§ Exercise details
Only the lines from the line containing "this 1344×1512 image." to the end of the entries should be repeated, exactly as they appear.

§ Records for the exercise
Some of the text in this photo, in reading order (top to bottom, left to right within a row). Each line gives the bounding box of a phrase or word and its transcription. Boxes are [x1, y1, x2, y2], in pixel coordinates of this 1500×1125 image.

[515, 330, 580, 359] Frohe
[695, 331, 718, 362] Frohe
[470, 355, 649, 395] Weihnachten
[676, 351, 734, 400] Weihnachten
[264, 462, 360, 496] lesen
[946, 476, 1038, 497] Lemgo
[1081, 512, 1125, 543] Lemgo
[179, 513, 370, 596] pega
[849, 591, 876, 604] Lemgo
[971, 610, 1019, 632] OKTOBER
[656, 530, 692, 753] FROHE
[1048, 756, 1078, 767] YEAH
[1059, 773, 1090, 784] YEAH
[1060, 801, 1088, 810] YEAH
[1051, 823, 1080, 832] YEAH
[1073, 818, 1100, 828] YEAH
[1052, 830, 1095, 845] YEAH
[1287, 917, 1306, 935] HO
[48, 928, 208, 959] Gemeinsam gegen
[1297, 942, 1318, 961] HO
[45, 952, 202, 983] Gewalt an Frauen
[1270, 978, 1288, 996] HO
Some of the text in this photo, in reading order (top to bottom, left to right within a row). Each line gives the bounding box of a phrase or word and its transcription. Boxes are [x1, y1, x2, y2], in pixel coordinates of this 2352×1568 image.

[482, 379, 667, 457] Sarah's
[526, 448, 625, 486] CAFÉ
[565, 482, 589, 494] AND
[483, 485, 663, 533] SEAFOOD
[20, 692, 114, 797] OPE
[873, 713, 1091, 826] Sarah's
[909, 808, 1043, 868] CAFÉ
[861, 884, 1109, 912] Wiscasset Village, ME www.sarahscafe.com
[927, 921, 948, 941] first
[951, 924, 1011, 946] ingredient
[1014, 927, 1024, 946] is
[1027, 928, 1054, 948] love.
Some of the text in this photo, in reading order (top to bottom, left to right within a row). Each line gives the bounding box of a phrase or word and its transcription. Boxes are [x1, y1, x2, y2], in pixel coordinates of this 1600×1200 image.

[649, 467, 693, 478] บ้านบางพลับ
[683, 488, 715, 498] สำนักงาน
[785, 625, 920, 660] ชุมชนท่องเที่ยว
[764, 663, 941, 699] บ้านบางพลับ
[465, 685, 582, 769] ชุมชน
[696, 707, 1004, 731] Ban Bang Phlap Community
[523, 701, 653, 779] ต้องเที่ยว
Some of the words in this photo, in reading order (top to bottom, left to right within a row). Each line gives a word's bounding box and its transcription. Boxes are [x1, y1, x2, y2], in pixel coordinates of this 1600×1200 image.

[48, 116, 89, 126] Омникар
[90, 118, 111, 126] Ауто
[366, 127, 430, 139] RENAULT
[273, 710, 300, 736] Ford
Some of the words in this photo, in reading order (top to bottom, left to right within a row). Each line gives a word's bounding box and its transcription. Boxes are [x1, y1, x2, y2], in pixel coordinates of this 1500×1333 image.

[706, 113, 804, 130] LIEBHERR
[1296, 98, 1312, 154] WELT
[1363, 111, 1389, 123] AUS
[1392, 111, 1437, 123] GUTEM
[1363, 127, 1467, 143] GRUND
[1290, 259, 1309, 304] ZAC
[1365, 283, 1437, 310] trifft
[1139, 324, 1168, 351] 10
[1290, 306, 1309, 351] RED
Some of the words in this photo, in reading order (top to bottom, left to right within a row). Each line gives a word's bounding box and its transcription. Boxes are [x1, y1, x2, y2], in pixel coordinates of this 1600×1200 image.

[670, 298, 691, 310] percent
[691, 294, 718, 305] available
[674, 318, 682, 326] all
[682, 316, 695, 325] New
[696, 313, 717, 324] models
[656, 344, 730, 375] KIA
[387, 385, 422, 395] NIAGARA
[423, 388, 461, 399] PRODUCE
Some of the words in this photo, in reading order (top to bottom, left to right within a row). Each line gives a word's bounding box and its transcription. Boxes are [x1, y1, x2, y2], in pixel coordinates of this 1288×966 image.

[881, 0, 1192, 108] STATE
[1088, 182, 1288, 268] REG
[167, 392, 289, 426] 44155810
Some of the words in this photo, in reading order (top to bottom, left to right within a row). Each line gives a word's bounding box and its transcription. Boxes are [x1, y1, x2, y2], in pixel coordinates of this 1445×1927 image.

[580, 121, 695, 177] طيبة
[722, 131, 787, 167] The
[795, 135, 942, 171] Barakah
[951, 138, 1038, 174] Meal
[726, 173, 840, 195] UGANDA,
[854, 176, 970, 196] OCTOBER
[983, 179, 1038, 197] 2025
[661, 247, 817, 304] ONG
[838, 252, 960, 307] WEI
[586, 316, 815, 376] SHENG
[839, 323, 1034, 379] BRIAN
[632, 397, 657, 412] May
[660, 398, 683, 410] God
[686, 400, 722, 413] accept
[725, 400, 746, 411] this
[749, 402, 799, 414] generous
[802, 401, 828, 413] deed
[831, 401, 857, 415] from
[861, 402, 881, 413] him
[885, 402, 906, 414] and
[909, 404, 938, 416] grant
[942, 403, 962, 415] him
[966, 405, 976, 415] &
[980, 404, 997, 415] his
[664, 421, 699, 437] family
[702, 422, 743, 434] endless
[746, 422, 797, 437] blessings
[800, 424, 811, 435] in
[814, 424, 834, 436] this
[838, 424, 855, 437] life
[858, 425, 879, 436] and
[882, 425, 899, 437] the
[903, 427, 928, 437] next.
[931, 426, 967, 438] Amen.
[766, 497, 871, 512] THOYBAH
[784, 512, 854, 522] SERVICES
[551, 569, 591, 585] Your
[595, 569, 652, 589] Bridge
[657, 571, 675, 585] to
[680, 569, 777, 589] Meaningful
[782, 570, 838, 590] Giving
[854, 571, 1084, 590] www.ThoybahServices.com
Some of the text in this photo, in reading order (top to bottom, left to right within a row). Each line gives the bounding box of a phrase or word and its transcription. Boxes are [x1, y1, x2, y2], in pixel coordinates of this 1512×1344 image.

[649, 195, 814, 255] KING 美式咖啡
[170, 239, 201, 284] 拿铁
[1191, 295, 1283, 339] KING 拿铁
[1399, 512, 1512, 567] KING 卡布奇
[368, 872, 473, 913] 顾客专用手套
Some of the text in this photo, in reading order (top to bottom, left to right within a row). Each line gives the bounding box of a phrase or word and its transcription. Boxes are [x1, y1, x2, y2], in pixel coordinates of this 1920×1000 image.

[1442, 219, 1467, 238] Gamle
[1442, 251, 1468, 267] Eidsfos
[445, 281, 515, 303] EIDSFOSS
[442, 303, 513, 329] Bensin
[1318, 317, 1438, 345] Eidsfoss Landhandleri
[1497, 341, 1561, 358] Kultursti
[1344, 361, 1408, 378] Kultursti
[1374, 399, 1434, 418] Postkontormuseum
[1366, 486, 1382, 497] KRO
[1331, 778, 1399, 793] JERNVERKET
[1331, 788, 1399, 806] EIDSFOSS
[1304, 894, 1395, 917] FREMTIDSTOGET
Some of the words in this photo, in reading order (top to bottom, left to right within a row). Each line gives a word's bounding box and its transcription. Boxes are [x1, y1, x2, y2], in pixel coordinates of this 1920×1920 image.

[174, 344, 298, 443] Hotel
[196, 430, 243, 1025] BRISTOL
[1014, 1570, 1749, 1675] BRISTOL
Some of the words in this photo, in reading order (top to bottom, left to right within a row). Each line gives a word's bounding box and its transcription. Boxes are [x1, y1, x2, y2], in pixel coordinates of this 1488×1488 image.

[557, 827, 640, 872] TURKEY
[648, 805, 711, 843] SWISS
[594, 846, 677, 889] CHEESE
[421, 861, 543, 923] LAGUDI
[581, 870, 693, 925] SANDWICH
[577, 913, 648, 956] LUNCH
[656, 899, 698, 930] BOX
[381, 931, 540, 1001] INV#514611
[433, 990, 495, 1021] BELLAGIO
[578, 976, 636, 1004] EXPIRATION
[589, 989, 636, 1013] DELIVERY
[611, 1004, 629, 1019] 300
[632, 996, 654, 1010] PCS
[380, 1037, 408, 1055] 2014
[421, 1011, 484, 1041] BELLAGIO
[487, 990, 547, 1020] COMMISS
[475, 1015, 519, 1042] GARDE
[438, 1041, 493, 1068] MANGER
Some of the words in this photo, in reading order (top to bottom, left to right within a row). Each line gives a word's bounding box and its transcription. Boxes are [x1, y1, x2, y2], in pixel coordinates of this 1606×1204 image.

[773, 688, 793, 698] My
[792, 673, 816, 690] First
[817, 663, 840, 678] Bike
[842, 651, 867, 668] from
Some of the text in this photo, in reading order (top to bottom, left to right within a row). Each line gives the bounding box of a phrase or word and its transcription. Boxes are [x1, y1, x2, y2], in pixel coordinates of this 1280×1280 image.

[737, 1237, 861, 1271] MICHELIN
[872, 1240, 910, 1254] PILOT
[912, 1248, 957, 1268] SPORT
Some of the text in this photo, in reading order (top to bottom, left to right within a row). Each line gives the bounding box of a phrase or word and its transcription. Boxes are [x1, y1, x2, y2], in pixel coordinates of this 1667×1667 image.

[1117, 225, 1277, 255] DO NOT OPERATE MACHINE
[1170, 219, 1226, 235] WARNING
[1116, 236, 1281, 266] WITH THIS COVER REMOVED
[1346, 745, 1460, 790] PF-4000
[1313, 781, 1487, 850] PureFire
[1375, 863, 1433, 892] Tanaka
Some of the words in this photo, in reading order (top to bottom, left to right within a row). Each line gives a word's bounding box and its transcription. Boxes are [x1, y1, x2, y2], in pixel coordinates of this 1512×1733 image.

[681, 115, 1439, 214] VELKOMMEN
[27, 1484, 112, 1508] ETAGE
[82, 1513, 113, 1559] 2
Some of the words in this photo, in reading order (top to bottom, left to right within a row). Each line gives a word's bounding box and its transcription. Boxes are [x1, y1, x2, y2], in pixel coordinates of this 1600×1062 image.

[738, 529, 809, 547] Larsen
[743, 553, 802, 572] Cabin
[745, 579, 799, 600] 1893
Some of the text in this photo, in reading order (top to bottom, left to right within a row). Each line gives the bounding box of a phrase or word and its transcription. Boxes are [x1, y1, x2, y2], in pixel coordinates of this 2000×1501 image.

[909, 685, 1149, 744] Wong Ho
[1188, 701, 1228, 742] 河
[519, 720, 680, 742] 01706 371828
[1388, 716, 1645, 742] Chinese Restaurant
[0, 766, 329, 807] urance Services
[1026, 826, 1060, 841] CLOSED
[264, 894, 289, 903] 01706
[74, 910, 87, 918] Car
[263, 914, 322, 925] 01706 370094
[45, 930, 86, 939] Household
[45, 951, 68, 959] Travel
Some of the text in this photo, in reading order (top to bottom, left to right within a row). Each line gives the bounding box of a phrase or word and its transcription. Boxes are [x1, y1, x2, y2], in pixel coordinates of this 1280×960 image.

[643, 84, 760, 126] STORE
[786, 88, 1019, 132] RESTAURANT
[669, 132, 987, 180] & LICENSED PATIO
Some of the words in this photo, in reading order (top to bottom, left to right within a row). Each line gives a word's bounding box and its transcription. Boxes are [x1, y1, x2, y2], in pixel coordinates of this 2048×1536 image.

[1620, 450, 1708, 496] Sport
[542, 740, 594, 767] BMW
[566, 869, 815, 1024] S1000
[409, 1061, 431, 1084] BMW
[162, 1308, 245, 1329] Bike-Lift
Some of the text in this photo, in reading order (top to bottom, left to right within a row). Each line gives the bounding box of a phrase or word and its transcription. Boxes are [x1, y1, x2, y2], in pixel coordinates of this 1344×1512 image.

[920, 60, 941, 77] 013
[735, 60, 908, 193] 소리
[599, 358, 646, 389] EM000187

§ Answer box
Some of the text in this photo, in reading order (top to bottom, left to right within a row). Each line gives the bounding box of a phrase or word and its transcription. Boxes are [x1, y1, x2, y2], in pixel coordinates of this 1344×1512 image.

[920, 60, 941, 77] 013
[735, 60, 908, 193] 소리
[599, 358, 646, 389] EM000187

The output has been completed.